Your assignment - Set each line of the records down again exactly, please.

** Dataset entries follows **

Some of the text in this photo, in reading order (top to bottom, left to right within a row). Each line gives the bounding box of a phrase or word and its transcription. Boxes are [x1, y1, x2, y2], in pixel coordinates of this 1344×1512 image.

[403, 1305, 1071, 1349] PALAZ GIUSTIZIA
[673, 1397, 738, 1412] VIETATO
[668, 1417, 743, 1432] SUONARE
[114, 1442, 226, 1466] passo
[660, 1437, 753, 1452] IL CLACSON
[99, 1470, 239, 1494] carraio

** End of Dataset entries **

Solution to this exercise -
Some of the text in this photo, in reading order (top to bottom, left to right within a row). Each line gives the bounding box of a phrase or word and its transcription. Boxes are [x1, y1, x2, y2], in pixel coordinates of this 1344×1512 image.

[403, 1305, 1071, 1349] PALAZ GIUSTIZIA
[673, 1397, 738, 1412] VIETATO
[668, 1417, 743, 1432] SUONARE
[114, 1442, 226, 1466] passo
[660, 1437, 753, 1452] IL CLACSON
[99, 1470, 239, 1494] carraio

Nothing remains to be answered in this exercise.